Bahkan dengan pengobatan, beberapa orang dengan pneumonia, terutama mereka yang berada dalam kelompok berisiko tinggi, mungkin mengalami komplikasi, termasuk:

  • Bakteri dalam aliran darah (bakteremia). Bakteri yang masuk ke aliran darah dari paru-paru Anda dapat menyebarkan infeksi ke organ lain, berpotensi menyebabkan kegagalan organ.
  • Kesulitan bernapas. Jika pneumonia Anda parah atau Anda memiliki penyakit paru-paru kronis yang mendasarinya, Anda mungkin mengalami kesulitan menghirup oksigen yang cukup. Anda mungkin perlu dirawat di rumah sakit dan menggunakan mesin pernapasan (ventilator) saat paru-paru Anda sembuh.
  • Akumulasi cairan di sekitar paru-paru (efusi pleura). Pneumonia dapat menyebabkan cairan menumpuk di ruang tipis antara lapisan jaringan yang melapisi paru-paru dan rongga dada (pleura). Jika cairan terinfeksi, Anda mungkin perlu mengeluarkannya melalui selang dada atau diangkat dengan operasi.
  • Abses paru-paru. Abses terjadi jika nanah terbentuk di rongga paru-paru. Abses biasanya diobati dengan antibiotik. Terkadang, pembedahan atau drainase dengan jarum atau selang panjang yang dimasukkan ke dalam abses diperlukan untuk mengeluarkan nanah.

Pencegahan

Untuk membantu mencegah pneumonia:

  • Dapatkan vaksinasi. Vaksin tersedia untuk mencegah beberapa jenis pneumonia dan flu. Bicarakan dengan dokter Anda tentang mendapatkan suntikan ini. Pedoman vaksinasi telah berubah dari waktu ke waktu, jadi pastikan untuk meninjau status vaksinasi Anda dengan dokter Anda meskipun Anda ingat sebelumnya menerima vaksin pneumonia.
  • Pastikan anak-anak mendapatkan vaksinasi. Dokter merekomendasikan vaksin pneumonia yang berbeda untuk anak-anak di bawah usia 2 tahun dan untuk anak-anak berusia 2 hingga 5 tahun yang berisiko terkena penyakit pneumokokus. Anak-anak yang menghadiri pusat penitipan anak kelompok juga harus mendapatkan vaksin. Dokter juga merekomendasikan suntikan flu untuk anak-anak yang berusia lebih dari 6 bulan.
  • Praktikkan kebersihan yang baik. Untuk melindungi diri Anda dari infeksi saluran pernapasan yang terkadang menyebabkan radang paru-paru, cuci tangan secara teratur atau gunakan pembersih tangan berbahan dasar alkohol.
  • Jangan merokok. Merokok merusak pertahanan alami paru-paru Anda terhadap infeksi saluran pernapasan.
  • Jaga agar sistem kekebalan tubuh Anda tetap kuat. Tidur yang cukup, berolahraga secara teratur dan makan makanan yang sehat.

Diagnosis

Dokter Anda akan mulai dengan menanyakan riwayat kesehatan Anda dan melakukan pemeriksaan fisik, termasuk mendengarkan paru-paru Anda dengan stetoskop untuk memeriksa suara menggelegak atau berderak yang tidak normal yang menunjukkan pneumonia.
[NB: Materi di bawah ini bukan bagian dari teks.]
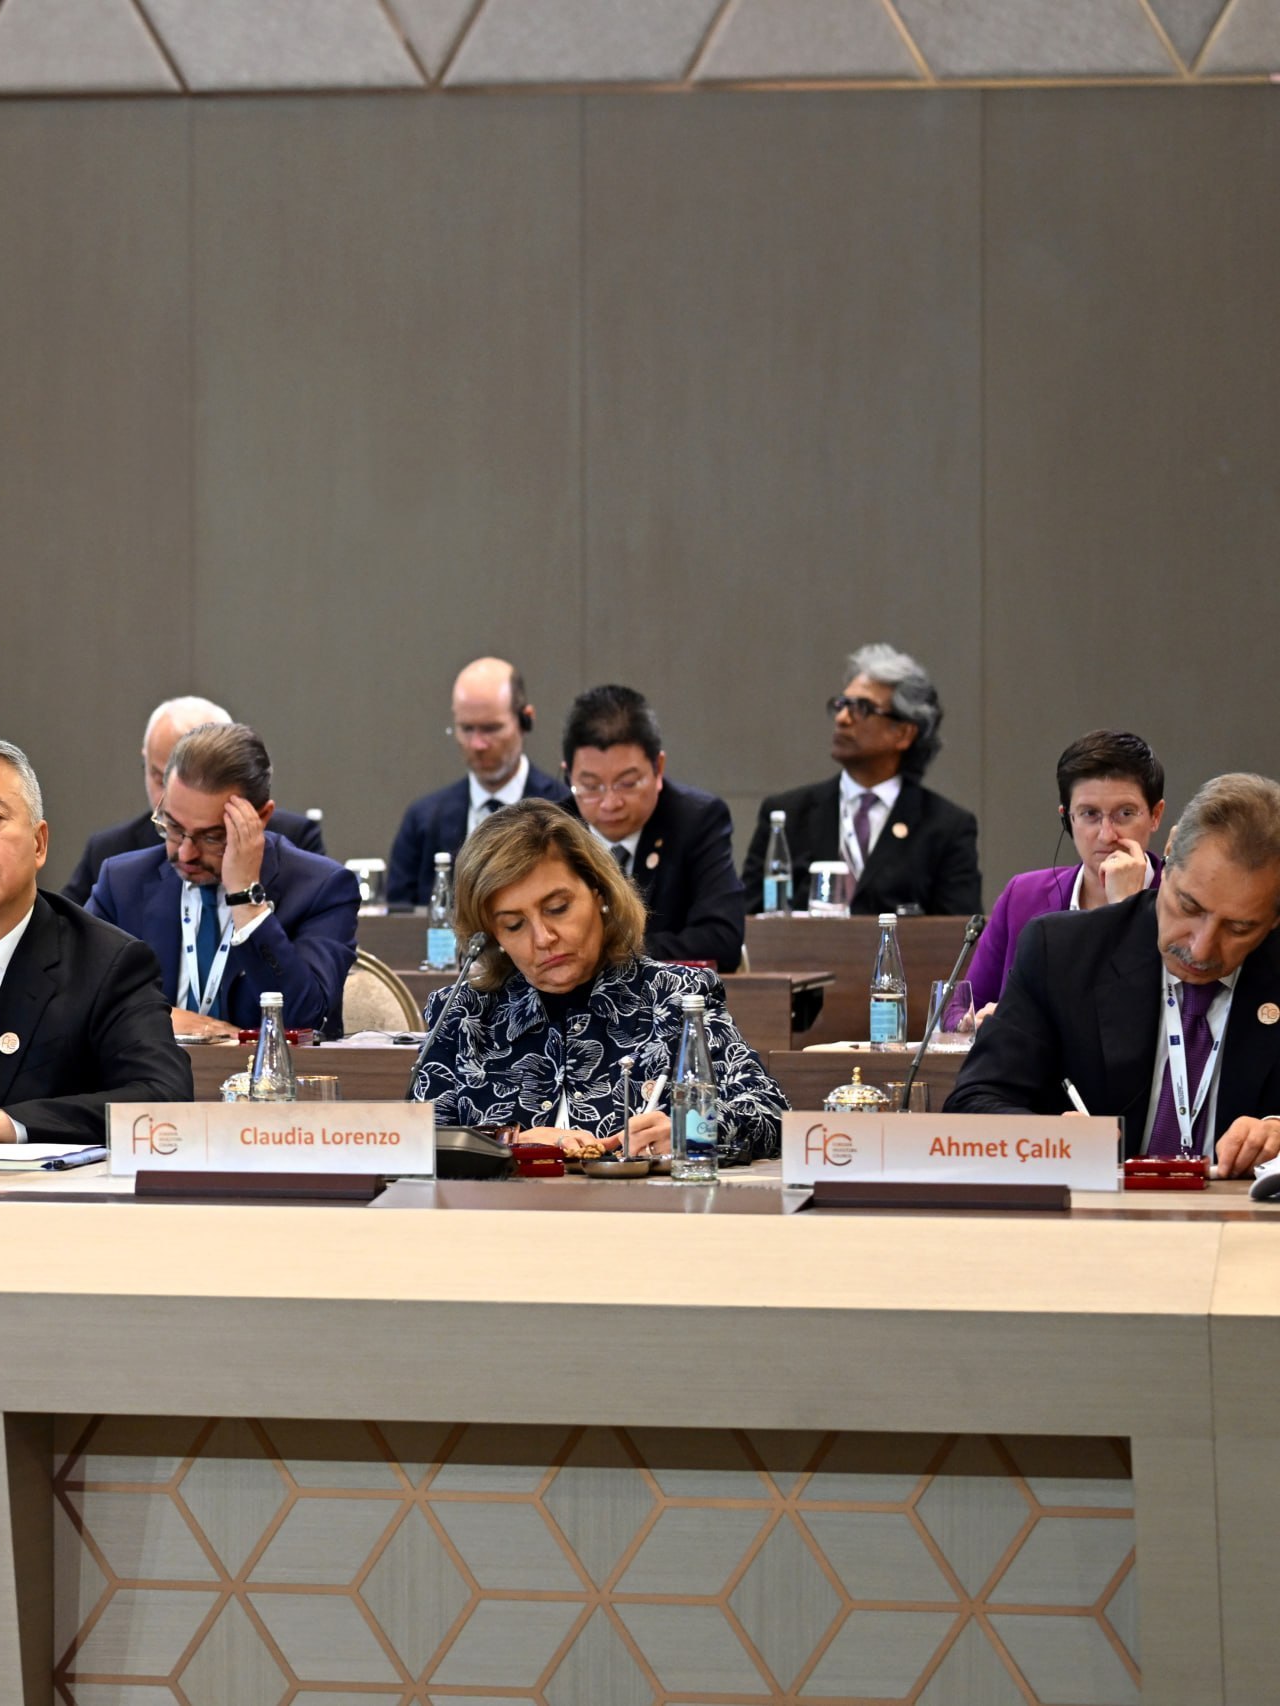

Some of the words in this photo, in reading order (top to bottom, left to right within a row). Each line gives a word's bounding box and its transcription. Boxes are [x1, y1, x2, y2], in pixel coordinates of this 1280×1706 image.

[239, 1127, 315, 1146] Claudia
[321, 1128, 401, 1146] Lorenzo
[928, 1136, 1009, 1158] Ahmet
[1015, 1138, 1072, 1163] Çalık
Jika dicurigai pneumonia, dokter Anda dapat merekomendasikan tes berikut:

  • Tes darah. Tes darah digunakan untuk mengkonfirmasi infeksi dan mencoba mengidentifikasi jenis organisme yang menyebabkan infeksi. Namun, identifikasi yang tepat tidak selalu memungkinkan.
  • Rontgen dada. Ini membantu dokter Anda mendiagnosis pneumonia dan menentukan luas dan lokasi infeksi. Namun, itu tidak dapat memberi tahu dokter Anda jenis kuman apa yang menyebabkan pneumonia.
  • Oksimetri nadi. Ini mengukur tingkat oksigen dalam darah Anda. Pneumonia dapat mencegah paru-paru Anda memindahkan cukup oksigen ke dalam aliran darah Anda.
  • Tes dahak. Sampel cairan dari paru-paru Anda (dahak) diambil setelah batuk yang dalam dan dianalisis untuk membantu menentukan penyebab infeksi.
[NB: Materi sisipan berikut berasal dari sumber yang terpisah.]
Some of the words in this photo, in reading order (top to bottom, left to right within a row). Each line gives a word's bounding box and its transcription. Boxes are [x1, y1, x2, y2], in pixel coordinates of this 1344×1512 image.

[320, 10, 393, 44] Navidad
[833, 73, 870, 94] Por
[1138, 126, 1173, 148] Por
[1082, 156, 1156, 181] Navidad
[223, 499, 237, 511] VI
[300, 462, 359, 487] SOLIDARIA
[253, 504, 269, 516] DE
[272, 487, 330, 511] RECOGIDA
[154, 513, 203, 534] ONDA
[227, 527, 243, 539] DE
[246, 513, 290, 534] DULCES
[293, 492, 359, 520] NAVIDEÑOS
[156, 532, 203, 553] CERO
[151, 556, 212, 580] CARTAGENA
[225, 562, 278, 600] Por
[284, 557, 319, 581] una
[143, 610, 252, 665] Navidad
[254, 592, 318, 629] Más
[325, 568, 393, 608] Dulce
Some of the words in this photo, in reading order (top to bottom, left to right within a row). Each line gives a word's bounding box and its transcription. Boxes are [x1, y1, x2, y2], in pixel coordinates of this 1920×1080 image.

Dokter Anda mungkin memesan tes tambahan jika Anda lebih tua dari usia 65 tahun, berada di rumah sakit, atau memiliki gejala atau kondisi kesehatan yang serius. Ini mungkin termasuk:

  • CTscan. Jika pneumonia Anda tidak sembuh secepat yang diharapkan, dokter Anda mungkin merekomendasikan CT scan dada untuk mendapatkan gambaran paru-paru yang lebih detail.
  • Kultur cairan pleura. Sampel cairan diambil dengan menusukkan jarum di antara tulang rusuk Anda dari area pleura dan dianalisis untuk membantu menentukan jenis infeksinya.

Pengobatan

Perawatan untuk pneumonia melibatkan penyembuhan infeksi dan mencegah komplikasi. Orang yang menderita pneumonia yang didapat dari komunitas biasanya dapat dirawat di rumah dengan obat-obatan. Meskipun sebagian besar gejala mereda dalam beberapa hari atau minggu, rasa lelah dapat bertahan selama satu bulan atau lebih.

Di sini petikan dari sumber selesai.